A matemática do seu caso
Suponha autônomo típico que atendemos na Solva:
- Imóvel quitado: R$ 1.400.000 (apartamento 110m² Perdizes-SP, avaliação FipeZap abr/2025)
- Necessidade: R$ 400.000 (capital de giro — contratar equipe + fornecedores pra projeto de 8 meses)
- Cenário atual: empréstimo empresarial a 3,8% am (45,6% aa), prazo 24 meses
- Cenário com HE Solva: 1,12% am + IPCA, prazo 120 meses
- Parcela inicial HE: R$ 5.986/mês (vs R$ 20.347/mês no empresarial)
- Custo total em 24 meses:
- Empresarial: R$ 488.328 (R$ 88.328 de juros)
- Home equity: R$ 143.664 (R$ 16.197 de juros + R$ 27.467 IPCA estimado 4,5% aa)
- Economia: R$ 344.664 em 24 meses
- Vantagem oculta: empréstimo empresarial ocupa limite de crédito PJ (dificulta aprovar novos contratos); home equity não afeta score empresarial
| Item | Empréstimo Empresarial | Home Equity Solva |
|---|---|---|
| Valor liberado | R$ 400.000 | R$ 400.000 |
| Taxa mensal | 3,8% am | 1,12% am + IPCA |
| Prazo | 24 meses | 120 meses |
| Parcela inicial | R$ 20.347 | R$ 5.986 |
| Custo total (24 meses) | R$ 488.328 | R$ 143.664 |
| Economia total | — | R$ 344.664 |
Observação crítica: autônomo pode quitar HE antecipadamente sem multa (maioria dos bancos parceiros Solva). Se o projeto gera caixa em 12 meses, você quita, paga só 12 parcelas. No empresarial, cláusula de permanência mínima trava em 80% dos contratos.
Bancos que mais aceitam autônomo
Dos 22 bancos parceiros Solva, 5 se destacam pra perfil autônomo com necessidade de capital de giro:
Bari — aceita autônomo com Decore (Declaração Comprobatória de Percepção de Rendimentos) de contador registrado no CRC. Não exige balanço patrimonial. Taxa média 1,09%-1,29% am + IPCA. Bom pra profissional liberal (médico, advogado, arquiteto) com renda variável comprovada via IR + extratos. Libera em 18-25 dias úteis.

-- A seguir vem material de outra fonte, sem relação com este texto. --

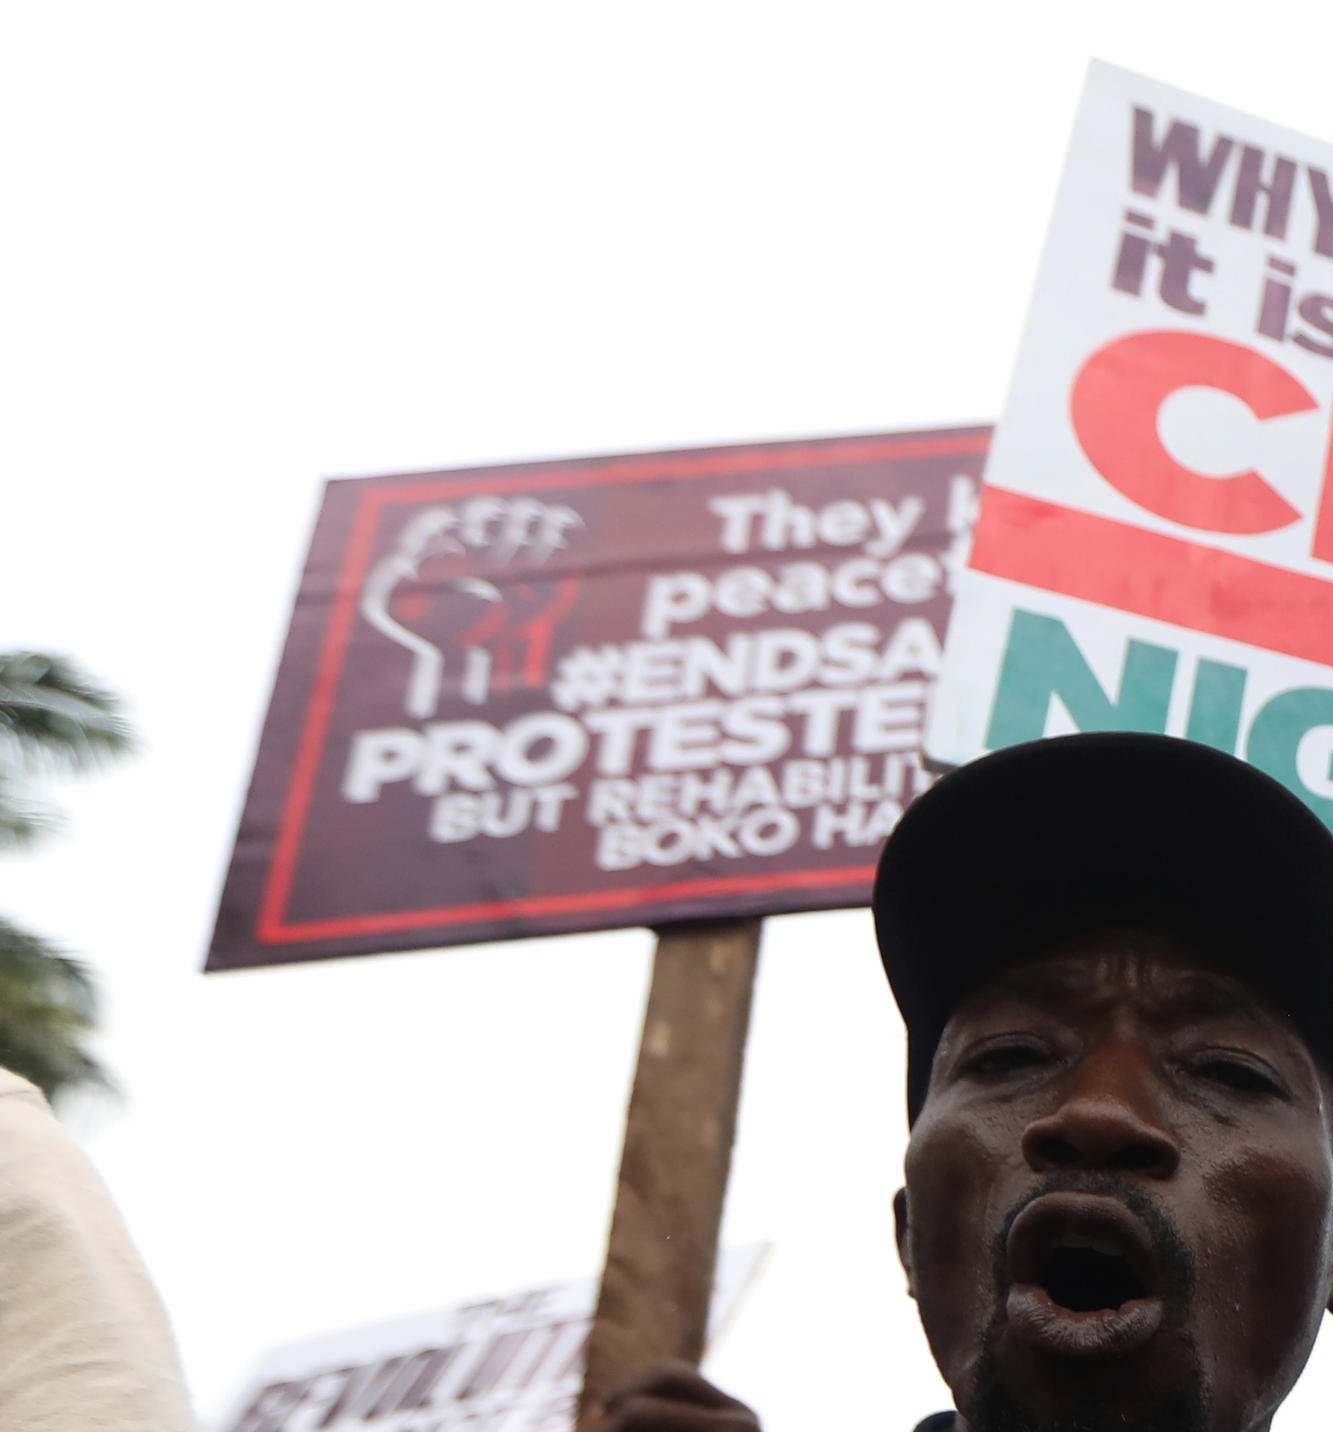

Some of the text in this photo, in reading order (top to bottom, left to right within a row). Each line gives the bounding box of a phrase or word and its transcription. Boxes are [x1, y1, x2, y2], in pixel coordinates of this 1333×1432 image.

[1109, 205, 1216, 318] it
[706, 486, 924, 556] They
[426, 783, 579, 844] BUT
[595, 803, 799, 872] BOKO

Creditas — fintech que aceita autônomo com 6+ meses de DRE (Demonstração do Resultado do Exercício) mesmo sem faturamento linear. Analisa fluxo de caixa projetado se você apresenta contratos firmados. Taxa 1,15%-1,38% am + IPCA. Aprovação em 12-18 dias. Ideal pra quem fechou projeto grande e precisa capital antes do recebimento.
Sicoob — cooperativa, exige filiação (R$ 50-200 dependendo da cooperativa regional), mas aceita imóvel a partir de R$ 250 mil (vs R$ 400-500 mil dos bancões). Taxa 1,22%-1,45% am + IPCA. Bom pra autônomo com patrimônio menor. Processo mais burocrático (30-40 dias), mas custo-benefício alto.
Daycoval — banco médio, aceita autônomo com conta PJ há 3+ meses. Analisa média de recebimentos dos últimos 6 meses. Taxa 1,18%-1,35% am + IPCA. Vantagem: libera até 65% do valor do imóvel (maioria limita em 60%). Útil pra operações acima de R$ 500 mil.